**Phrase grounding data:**

- Opening Delimiter -

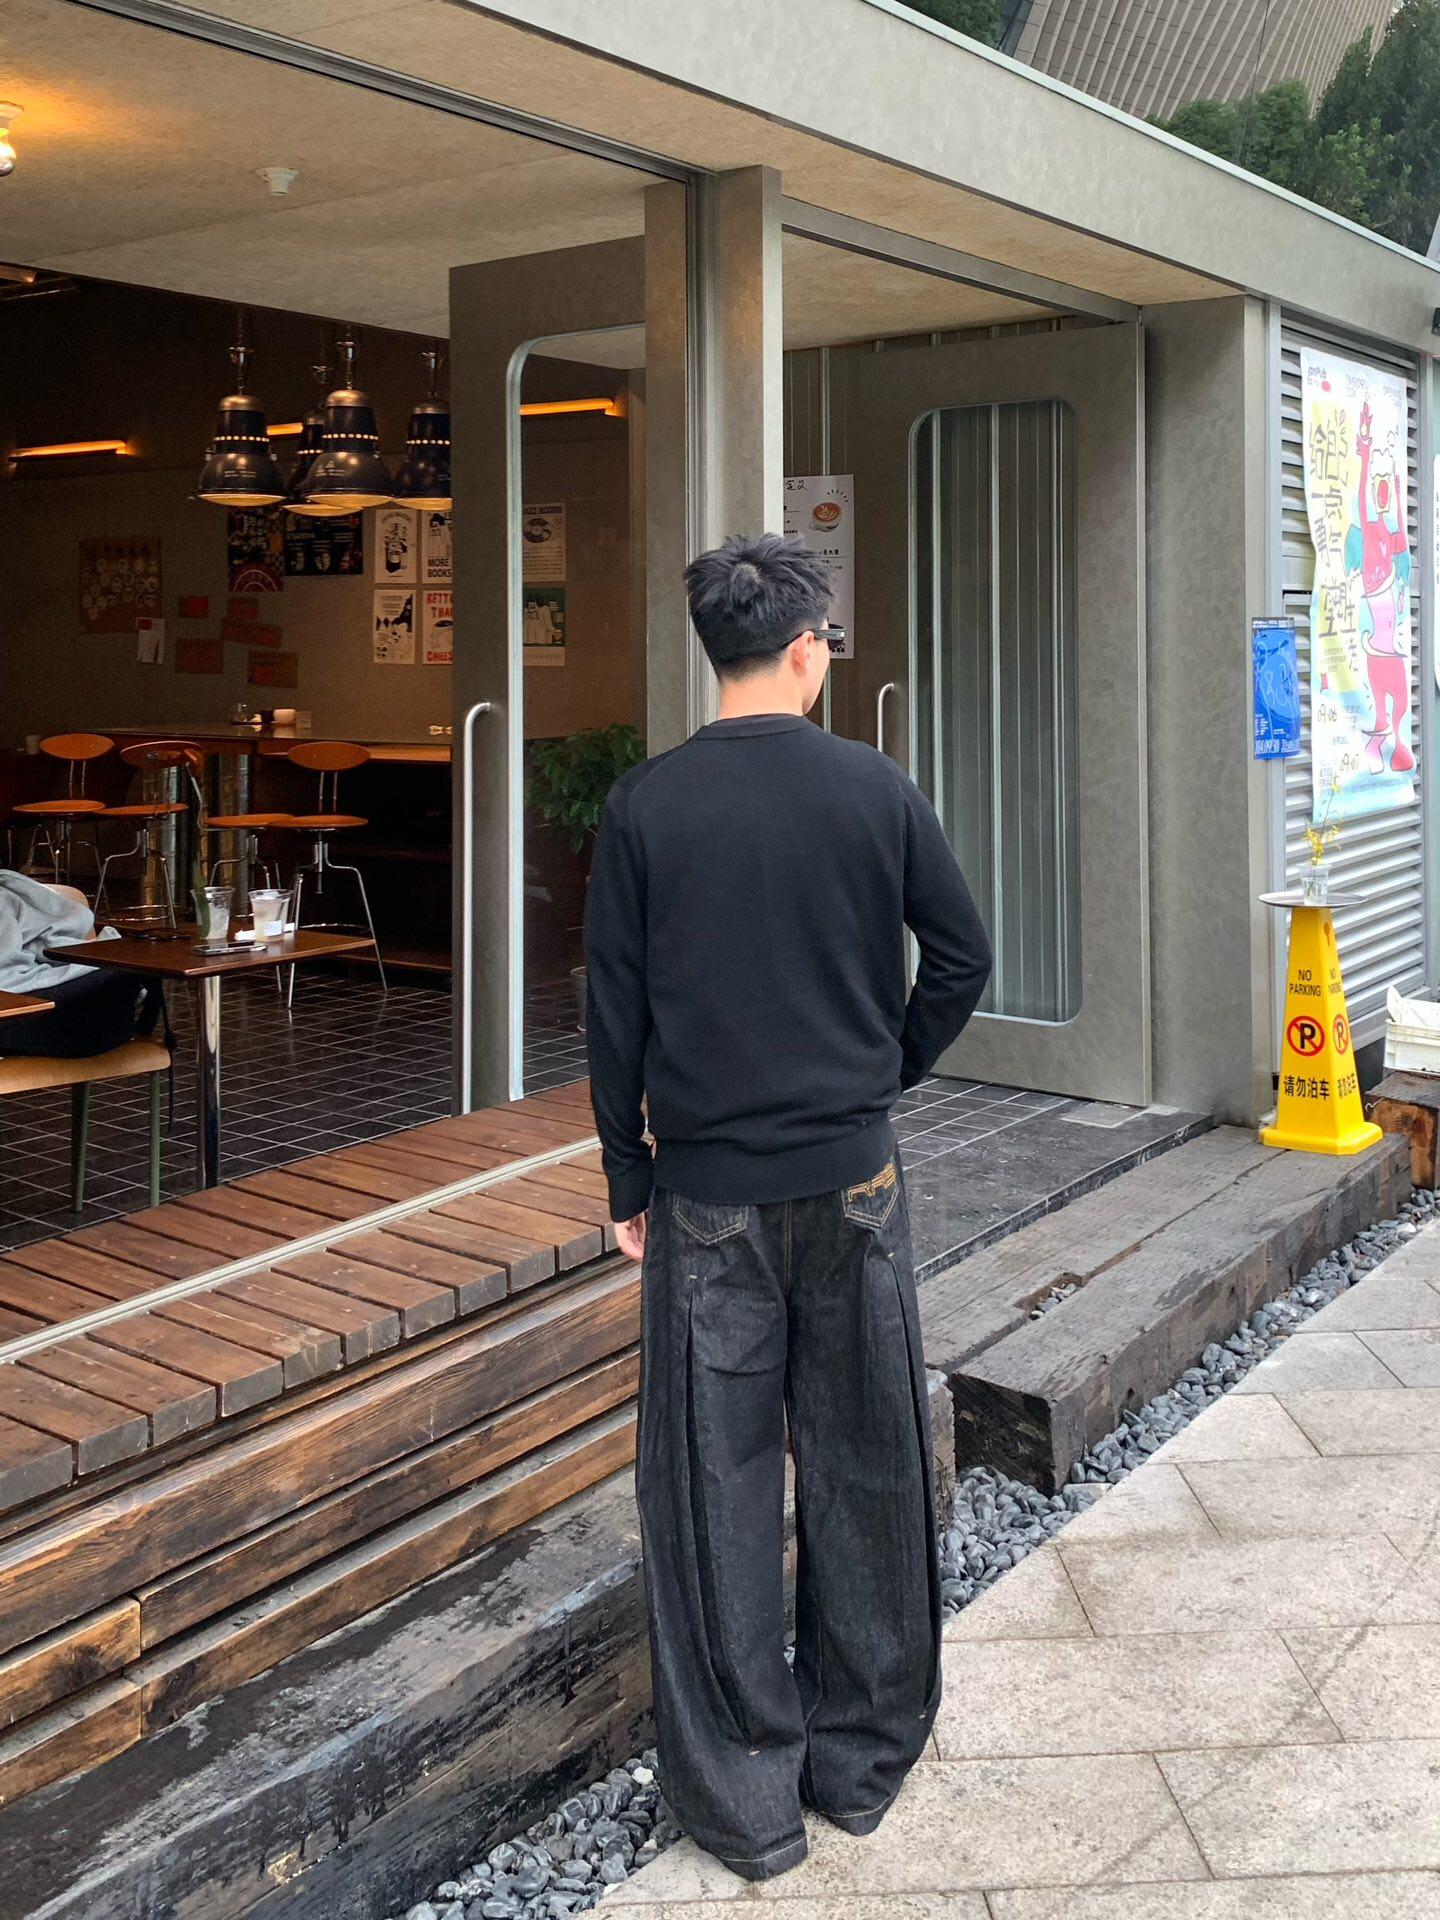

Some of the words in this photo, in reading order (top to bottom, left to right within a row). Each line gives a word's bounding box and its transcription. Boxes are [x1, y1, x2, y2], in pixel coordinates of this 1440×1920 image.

[428, 559, 449, 567] MORE
[427, 568, 452, 577] BOOKS
[1298, 969, 1312, 981] NO
[1289, 983, 1321, 997] PARKING
[1284, 1075, 1330, 1100] 请勿泊车
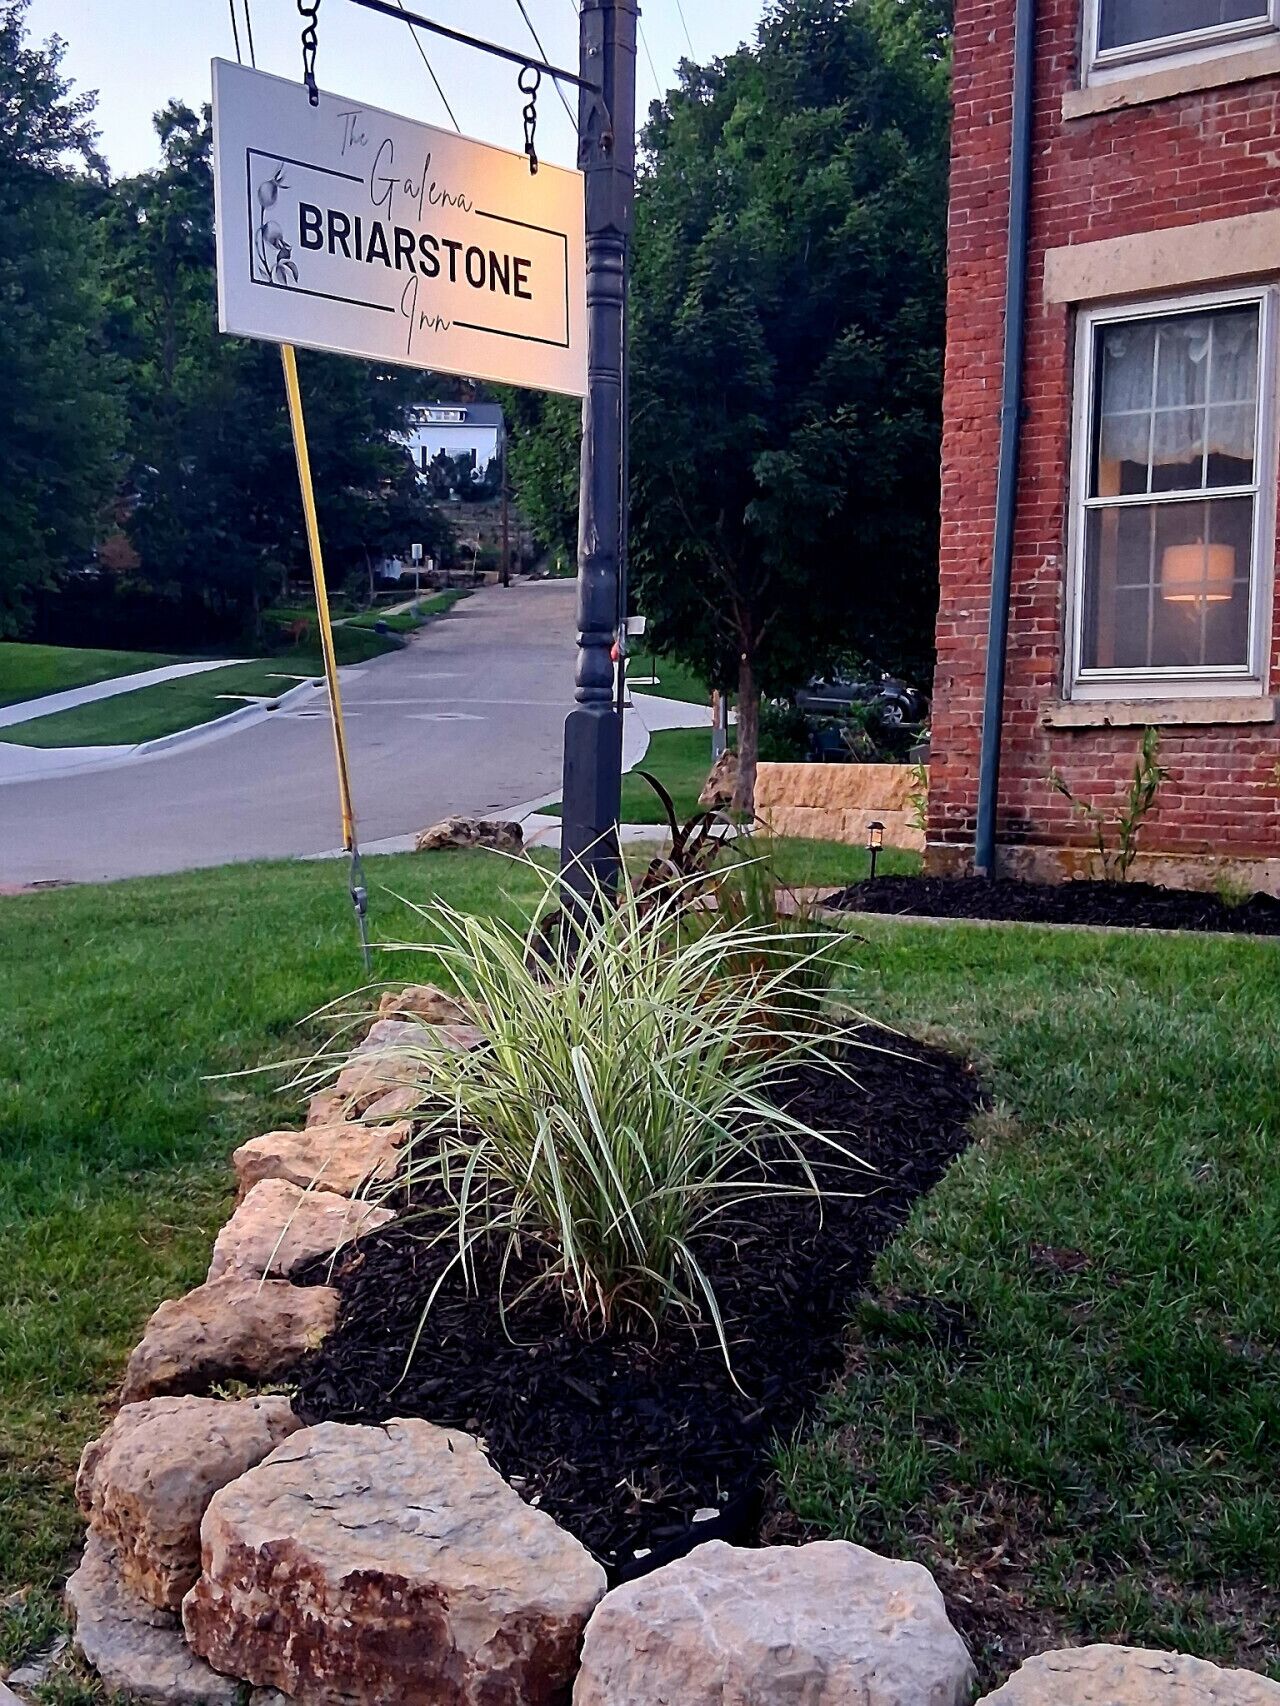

- Closing Delimiter -

**Problem statement:**
Copy every record above exactly, leaving out any pictures.

**Answer for this exercise:**
Some of the words in this photo, in reading order (top to bottom, left to right within a row). Each line gives a word's bounding box and its transcription. Boxes are [x1, y1, x2, y2], in pixel coordinates of this 1440×1920 image.

[428, 559, 449, 567] MORE
[427, 568, 452, 577] BOOKS
[1298, 969, 1312, 981] NO
[1289, 983, 1321, 997] PARKING
[1284, 1075, 1330, 1100] 请勿泊车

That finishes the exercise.